**Task statement**
Your task is to print all of the entries exactly, though the pictures should not be included.

··· Provided entries

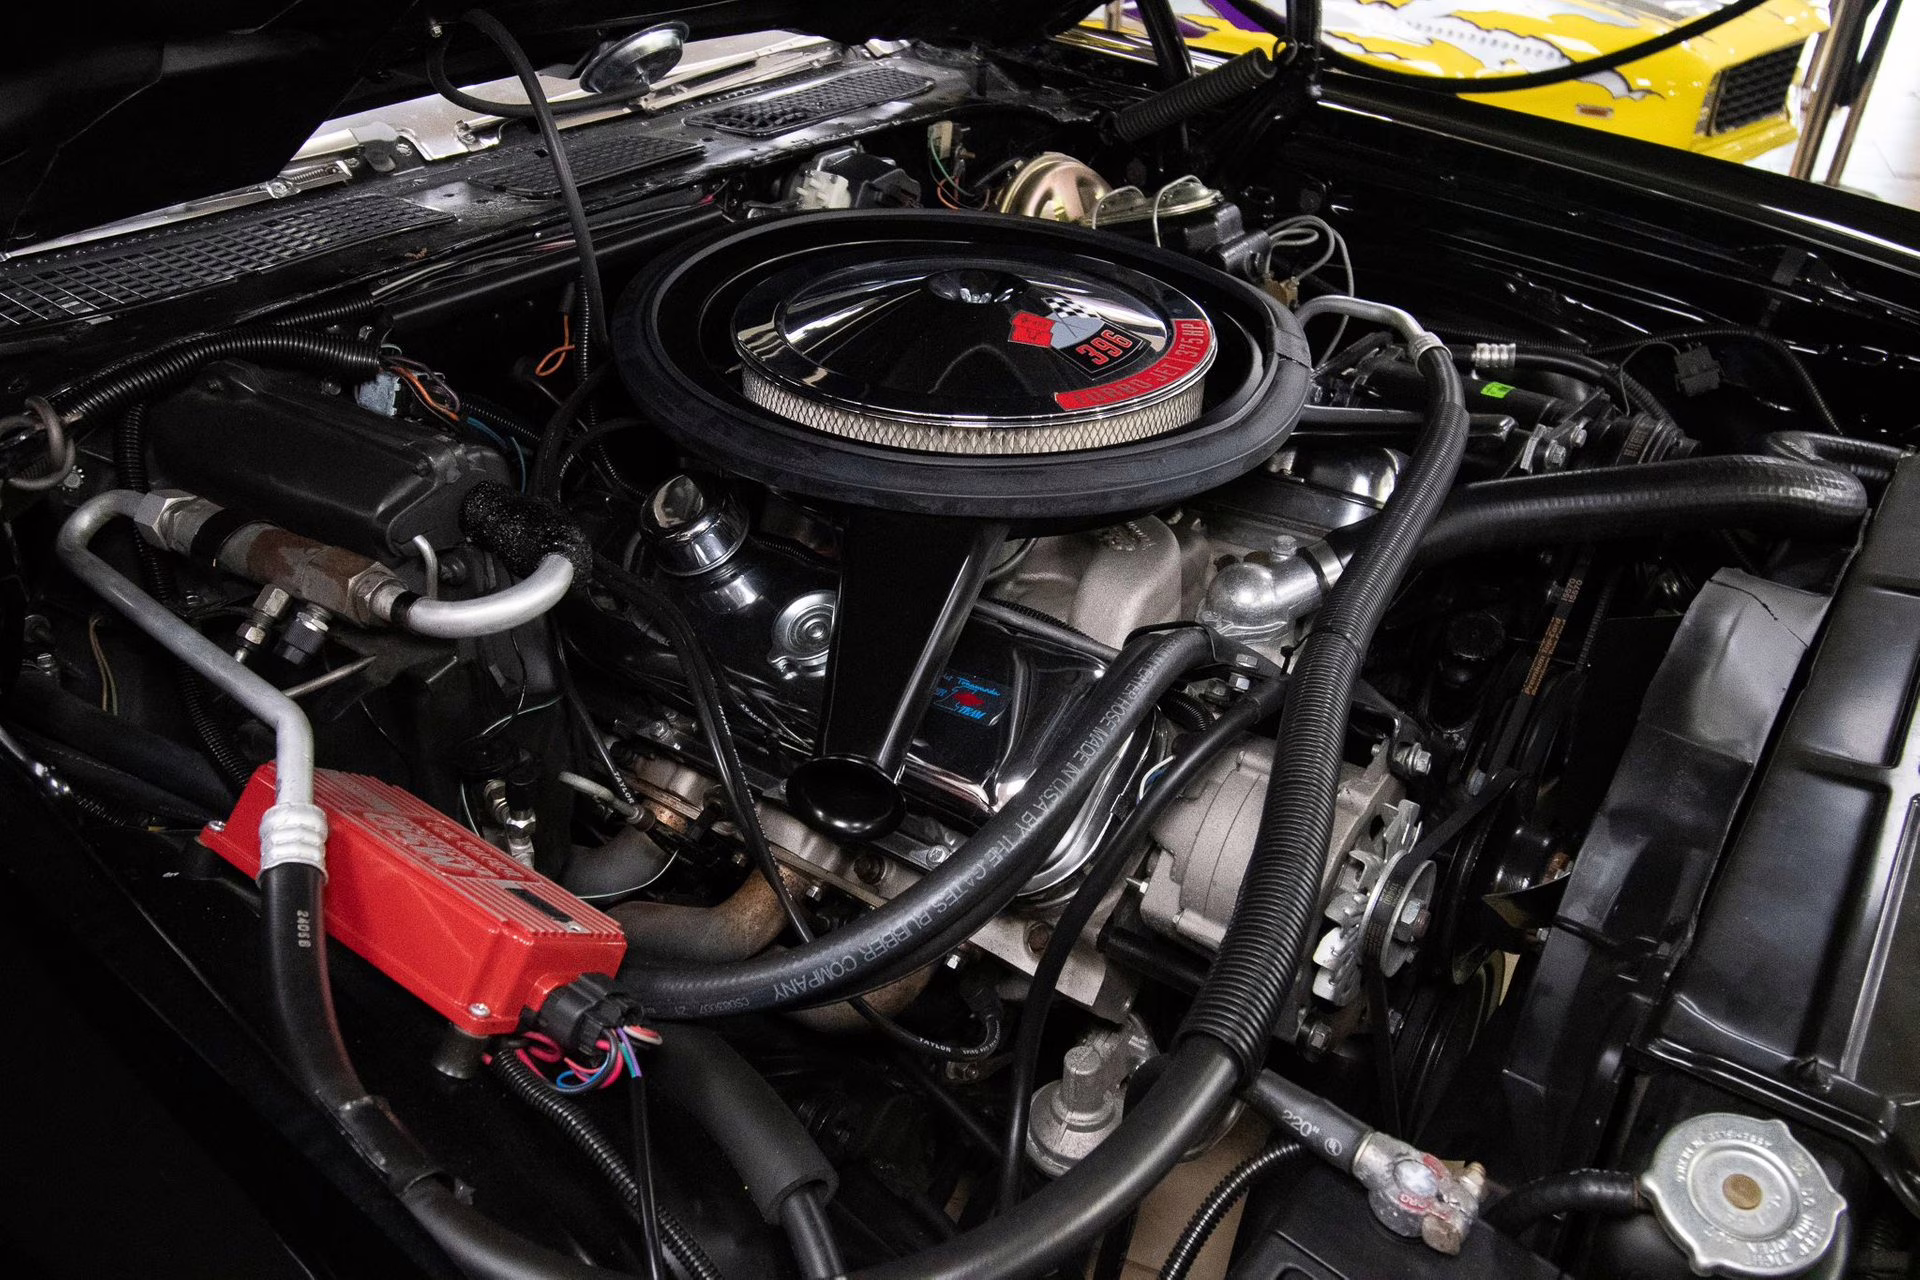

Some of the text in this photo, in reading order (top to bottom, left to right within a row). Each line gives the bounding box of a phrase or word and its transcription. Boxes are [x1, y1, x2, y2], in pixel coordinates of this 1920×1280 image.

[1076, 329, 1133, 365] 396
[1099, 697, 1130, 728] HOSE
[1071, 725, 1108, 766] MADE
[613, 771, 635, 804] TAYLOR
[1060, 760, 1081, 782] IN
[1015, 811, 1041, 838] BY
[987, 834, 1019, 867] THE
[935, 862, 987, 914] GATES
[860, 914, 932, 962] RUBBER
[774, 956, 857, 1001] COMPANY
[920, 1037, 951, 1053] TAYLOR
[1281, 1110, 1320, 1137] 220"
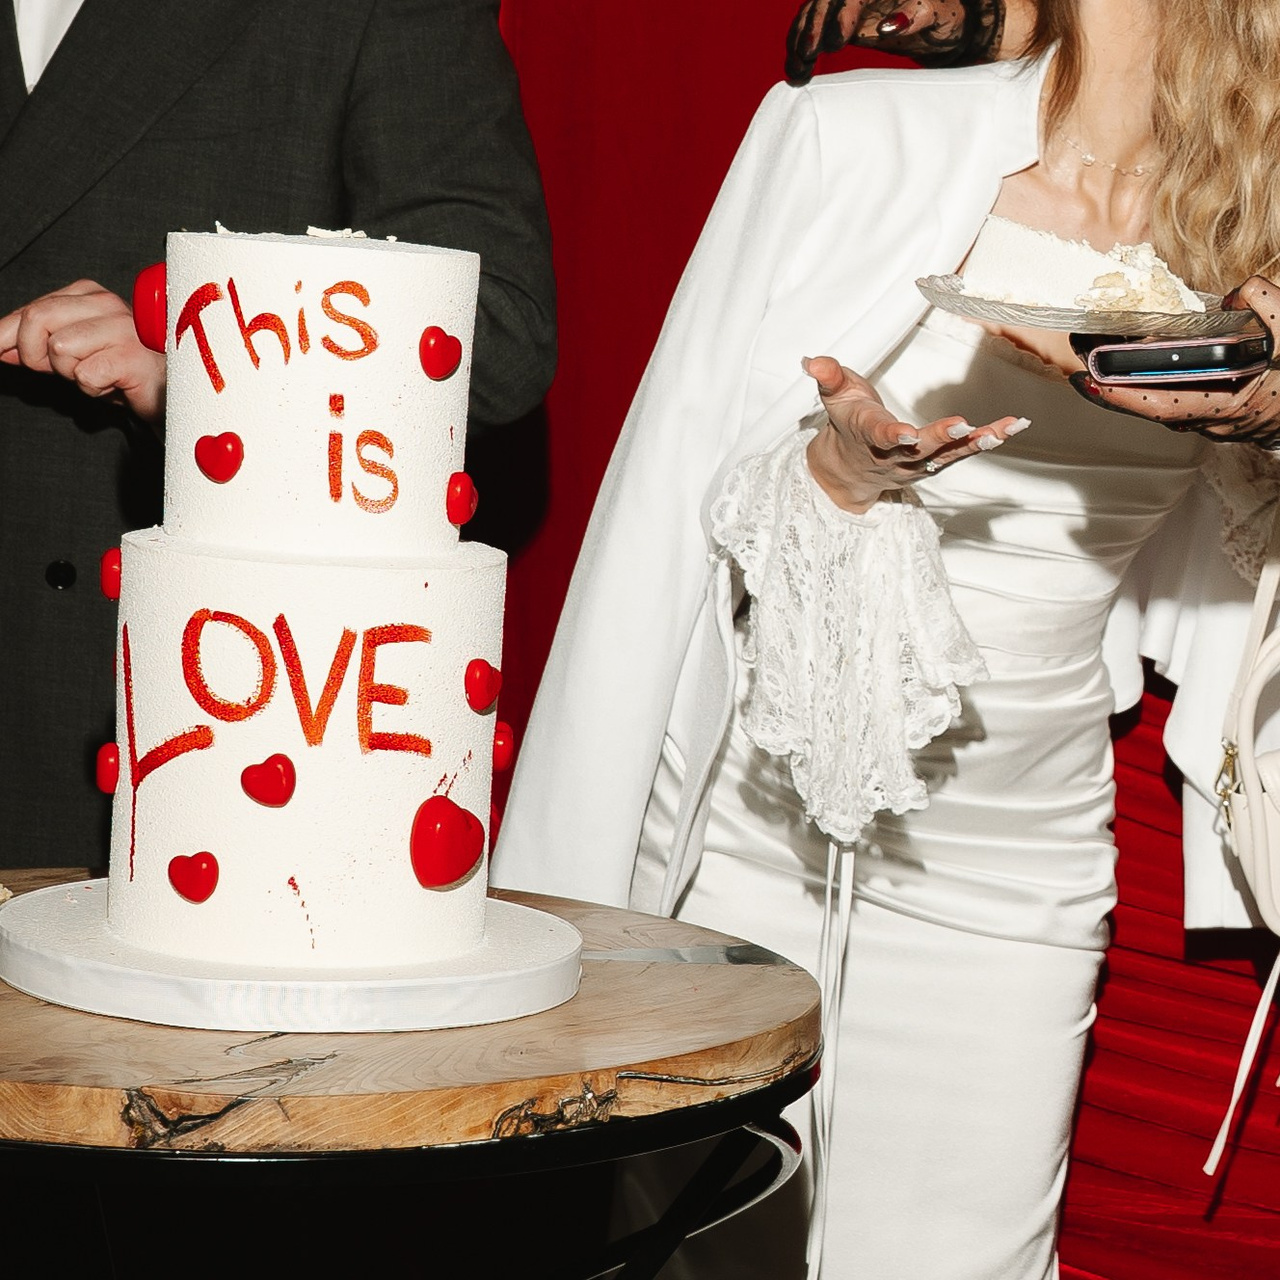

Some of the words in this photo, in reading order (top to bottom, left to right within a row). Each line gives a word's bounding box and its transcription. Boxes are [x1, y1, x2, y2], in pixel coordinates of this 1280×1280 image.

······

**Expected answer**
Some of the text in this photo, in reading order (top to bottom, left to right within a row). Each line gives the bounding box of a phrase or word and its transcription. Boxes are [x1, y1, x2, y2], in pixel coordinates of this 1920×1280 image.

[1076, 329, 1133, 365] 396
[1099, 697, 1130, 728] HOSE
[1071, 725, 1108, 766] MADE
[613, 771, 635, 804] TAYLOR
[1060, 760, 1081, 782] IN
[1015, 811, 1041, 838] BY
[987, 834, 1019, 867] THE
[935, 862, 987, 914] GATES
[860, 914, 932, 962] RUBBER
[774, 956, 857, 1001] COMPANY
[920, 1037, 951, 1053] TAYLOR
[1281, 1110, 1320, 1137] 220"

Some of the words in this photo, in reading order (top to bottom, left to right within a row). Each line gives a word's bounding box and its transcription. Boxes are [x1, y1, x2, y2], in pixel coordinates of this 1280×1280 image.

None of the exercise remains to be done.